Fighting for freedom overseas -- and Canada
Earlier this week I received a very moving letter from a soldier in Afghanistan. That letter, in turn, prompted this one:
----- Original Message -----
Dear Ezra,
My cousin, Cpl. Jordan Anderson was killed in [Afghanistan] last year. When I read
the e-mail you posted today from another brave soldier, I could only think
of Jordan and how he too believed in protecting our freedoms and in his own
words: "making {Afghanistan} into somewhere I could visit one day".
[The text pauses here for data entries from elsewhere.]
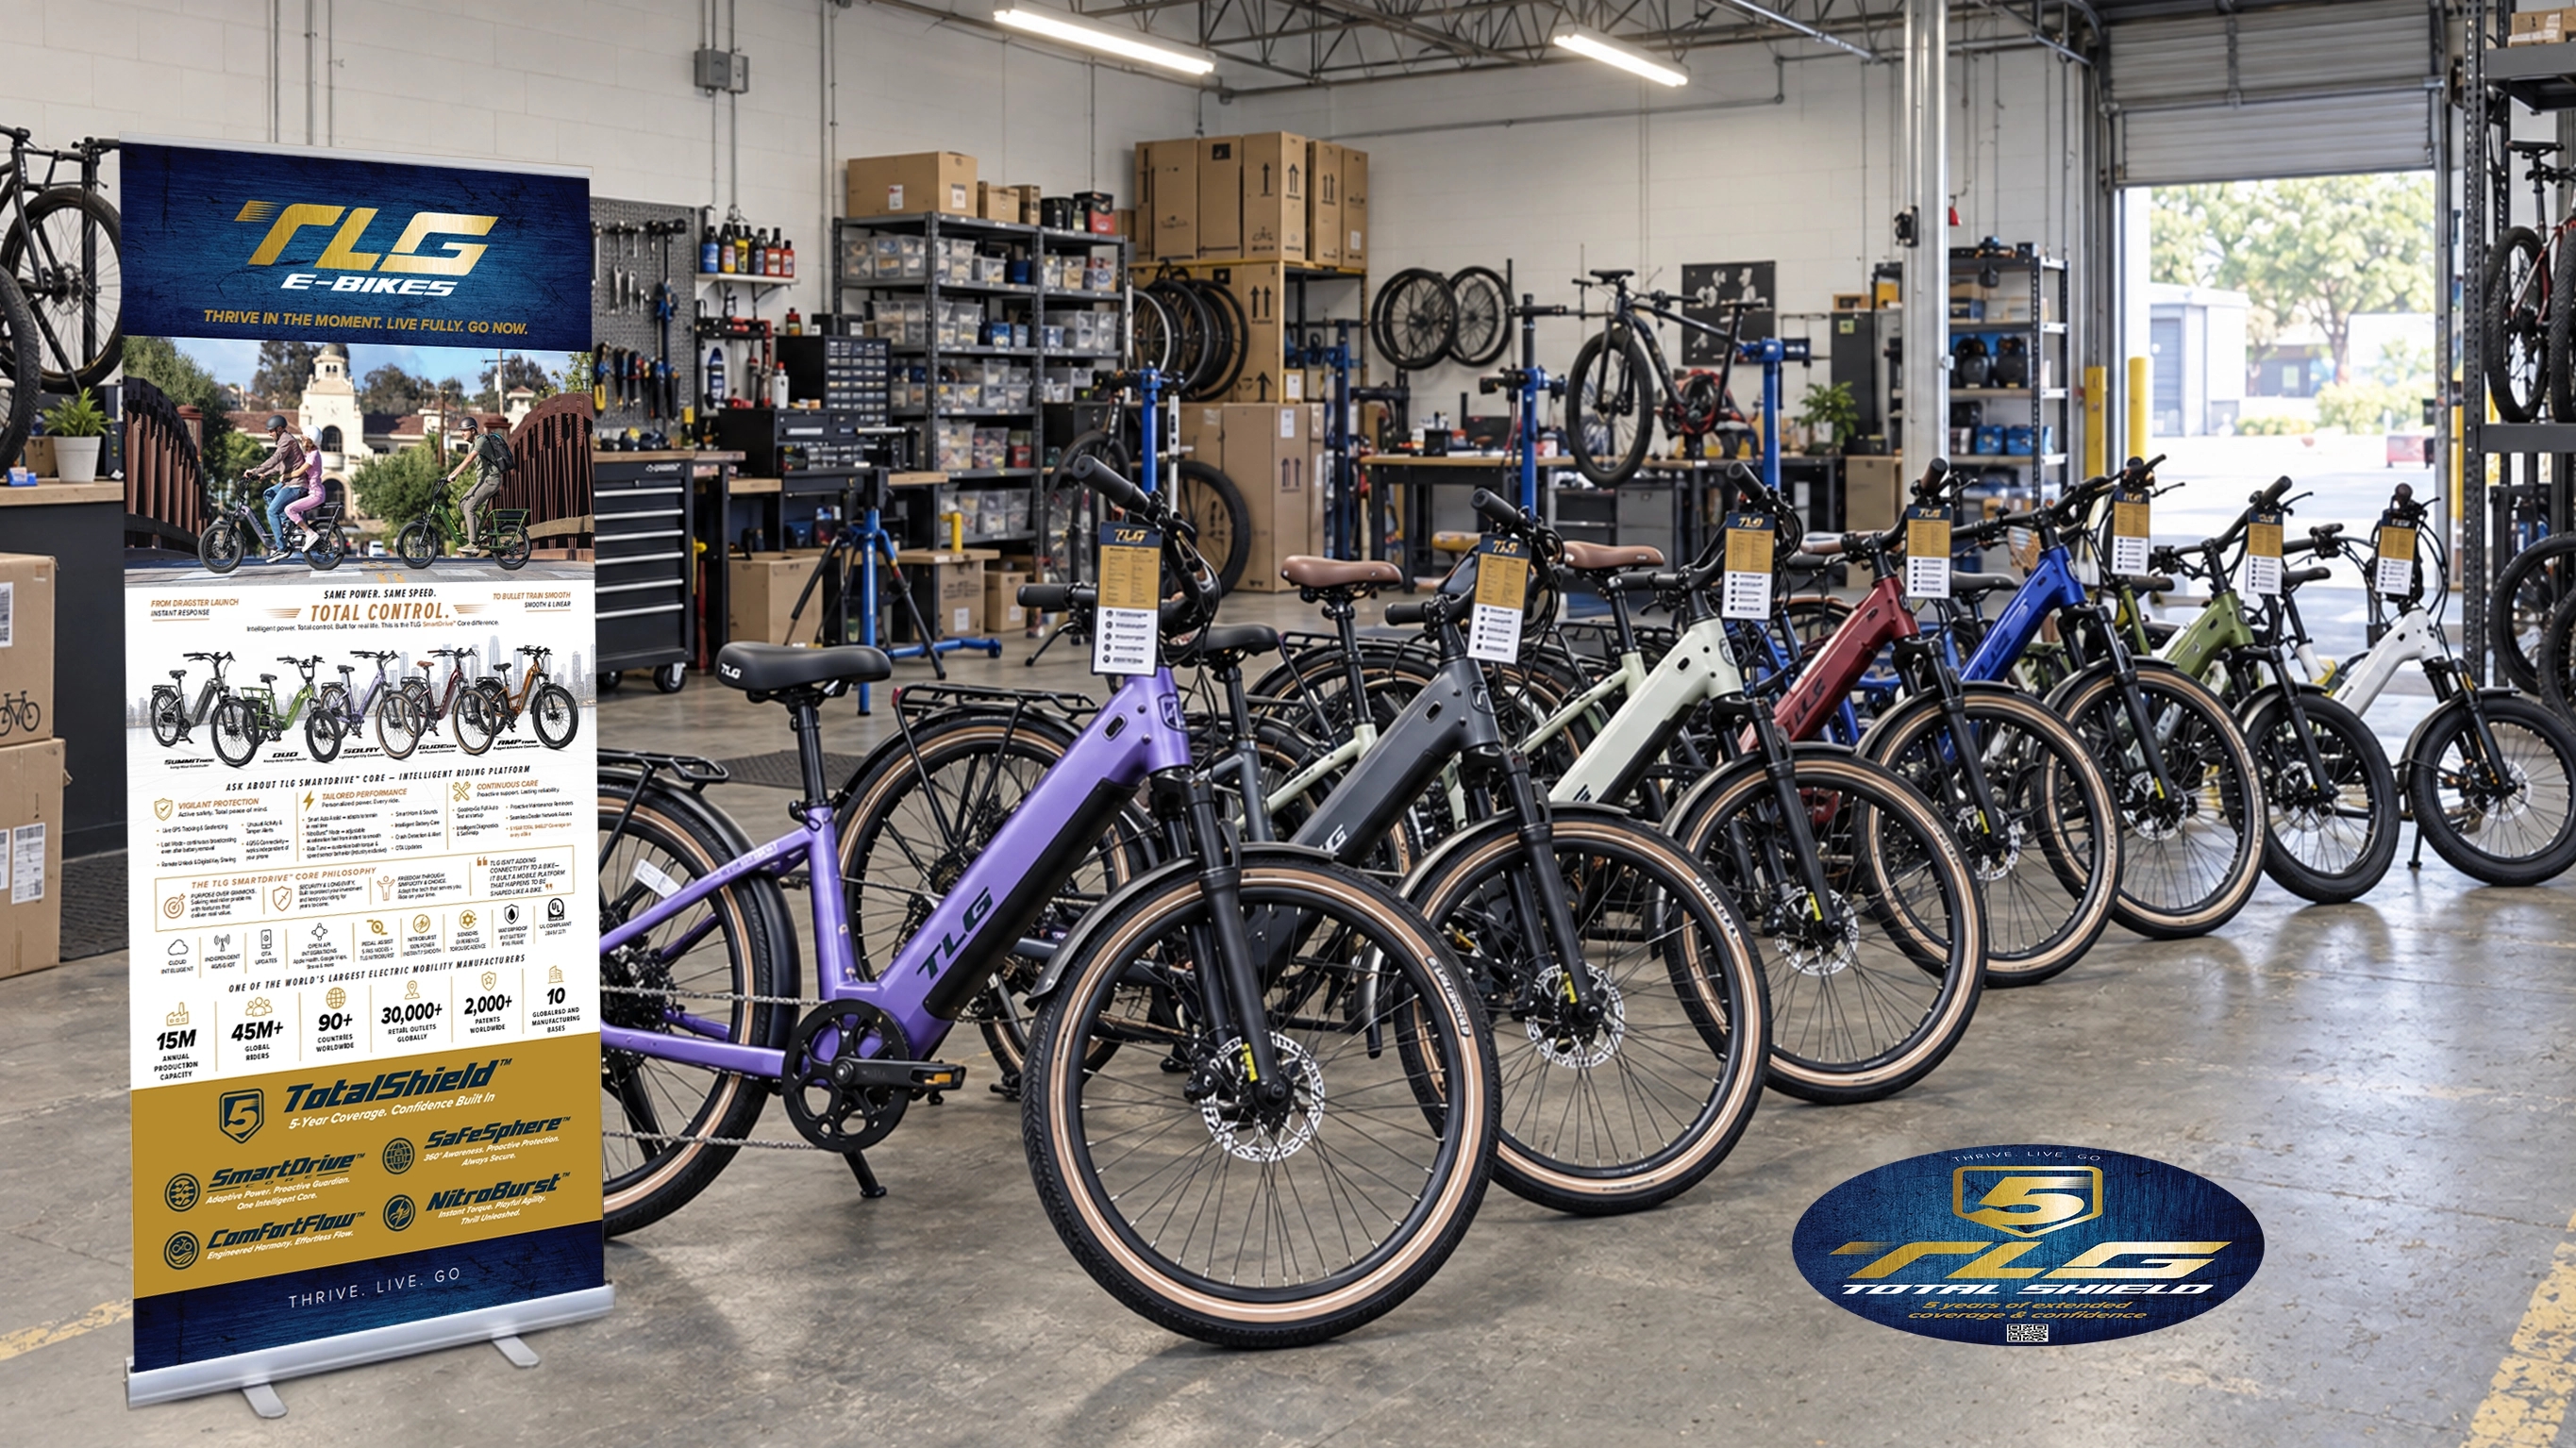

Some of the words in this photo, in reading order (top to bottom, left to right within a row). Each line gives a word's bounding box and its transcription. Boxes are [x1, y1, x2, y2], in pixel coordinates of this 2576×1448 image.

[235, 200, 497, 275] TLG
[280, 273, 458, 296] E-BIKES
[204, 309, 259, 324] THRIVE
[262, 312, 278, 324] IN
[283, 312, 312, 325] THE
[314, 314, 381, 328] MOMENT.
[387, 317, 417, 330] LIVE
[420, 319, 463, 331] FULLY.
[468, 321, 489, 332] GO
[492, 322, 527, 334] NOW.
[1114, 528, 1148, 542] TLG
[324, 590, 346, 599] SAME
[349, 589, 380, 598] POWER.
[383, 589, 406, 597] SAME
[409, 588, 436, 597] SPEED.
[310, 604, 359, 622] TOTAL
[367, 602, 448, 620] CONTROL.
[720, 662, 742, 679] TLG
[226, 782, 243, 791] ASK
[246, 780, 276, 790] ABOUT
[299, 775, 360, 787] SMARTDRIVE™
[362, 774, 385, 782] CORE
[398, 770, 452, 780] INTELLIGENT
[456, 768, 484, 776] RIDING
[488, 765, 529, 774] PLATFORM
[477, 780, 520, 790] CONTINUOUS
[322, 791, 355, 800] TAILORED
[356, 788, 407, 797] PERFORMANCE
[177, 800, 211, 809] VIGILANT
[212, 797, 259, 807] PROTECTION
[192, 880, 209, 889] THE
[212, 878, 228, 887] TLG
[231, 874, 293, 885] SMARTDRIVE™
[294, 872, 318, 880] CORE
[322, 867, 376, 877] PHILOSOPHY
[916, 886, 994, 980] TLG
[228, 983, 245, 992] ONE
[249, 981, 260, 990] OF
[265, 979, 280, 989] THE
[285, 974, 324, 986] WORLD'S
[328, 971, 364, 982] LARGEST
[368, 966, 409, 977] ELECTRIC
[412, 961, 453, 973] MOBILITY
[456, 954, 525, 968] MANUFACTURERS
[546, 987, 565, 1005] 10
[464, 993, 511, 1016] 2,000+
[380, 1002, 442, 1024] 30,000+
[531, 1015, 579, 1025] MANUFACTURING
[318, 1012, 352, 1031] 90+
[410, 1024, 436, 1032] OUTLETS
[469, 1024, 505, 1033] WORLDWIDE
[547, 1024, 564, 1033] BASES
[230, 1020, 283, 1040] 45M+
[317, 1033, 352, 1043] COUNTRIES
[396, 1033, 427, 1042] GLOBALLY
[157, 1028, 196, 1050] 15M
[316, 1041, 354, 1052] WORLDWIDE
[244, 1043, 270, 1052] GLOBAL
[162, 1053, 189, 1061] ANNUAL
[245, 1052, 269, 1060] RIDERS
[154, 1061, 197, 1072] PRODUCTION
[159, 1071, 192, 1080] CAPACITY
[289, 1116, 328, 1129] 5-Year
[330, 1108, 386, 1123] Coverage.
[391, 1099, 453, 1114] Confidence
[455, 1093, 482, 1106] Built
[483, 1091, 494, 1102] In
[423, 1152, 443, 1161] 360°
[442, 1147, 483, 1158] Awareness.
[485, 1140, 520, 1152] Proactive
[521, 1135, 559, 1146] Protection.
[460, 1157, 488, 1166] Always
[489, 1153, 515, 1161] Secure.
[1952, 1151, 2018, 1162] THRIVE.
[205, 1192, 242, 1204] Adaptive
[243, 1189, 271, 1198] Power.
[273, 1182, 310, 1193] Proactive
[312, 1176, 349, 1188] Guardian.
[255, 1194, 295, 1207] Intelligent
[438, 1207, 465, 1218] Instant
[466, 1204, 493, 1213] Torque.
[494, 1198, 521, 1208] Playful
[521, 1194, 545, 1205] Agility.
[1978, 1176, 2094, 1225] 5
[460, 1215, 480, 1224] Thrill
[480, 1208, 520, 1221] Unleashed.
[207, 1244, 254, 1259] Engineered
[254, 1240, 292, 1251] Harmony.
[294, 1234, 331, 1244] Effortless
[332, 1230, 353, 1239] Flow.
[1829, 1241, 2233, 1279] TLG
[288, 1284, 364, 1307] THRIVE.
[376, 1274, 423, 1292] LIVE.
[434, 1267, 459, 1282] GO
[1842, 1284, 1999, 1295] TOTAL
[2016, 1284, 2215, 1295] SHIELD
[1922, 1301, 1941, 1309] 5
[2004, 1301, 2031, 1309] of
[2032, 1301, 2133, 1309] extended
http://www.canada.com/components/print.aspx?id=b7ad0353-41b9-47a4-9fdb-b3e26a4749a4
I am embarrassed that this man is risking his life to protect the freedoms
that our grandfathers fought for, and back here in the comfort of our
suburbs, our politicians are allowing these kangaroo courts to destroy our
will to think for ourselves. They should be renamed Sheep Rights
Commissions, because if they are allowed to continue, we will slowly be
transformed into a nation of sheep, willing to think and do only what our
intellectually superior bureaucrats and academics believe is right for us.
I will make it my mission to raise as much money for your fund as possible,
so that our men and women in Iraq can concentrate on their mission, and send
their absurdly hard earned paycheck back to their families.
I'm looking forward to watching you "fight like hell", although I strongly
suspect your adversary is a straw man, and will go away long before you
reach the courtroom steps.
Godspeed Mr. Levant.
[name deleted]
http://www.facebook.com/group.php?gid=3402280031
------------------------
It took me a long time to write back. I went on the Facebook group and learned about Jordan; I read some of the news clippings. But mainly I thought: how could my comfortable, safe "battle" here in Canada even be compared to real battles in a war zone? I was touched and sad and grateful all at the same time.
I wrote back, saying that we in Canada should take a moment to think about what Jordan and others like him face, on our behalf, every day. Jordan fought not only for his own freedom, but for the freedom of strangers half a world away.
His story, and his cousin's letter, are both tear-jerking and inspirational. It makes me want to redouble my own meagre efforts to live up to Jordan's enormous example. He paid the ultimate price for freedom; surely I can pay a more gentle price.
Jordan's cousin permitted me to publish his letter, and I do so with feelings of gratitude, inspiration and even love for a man who I only got to know after he made the supreme sacrifice.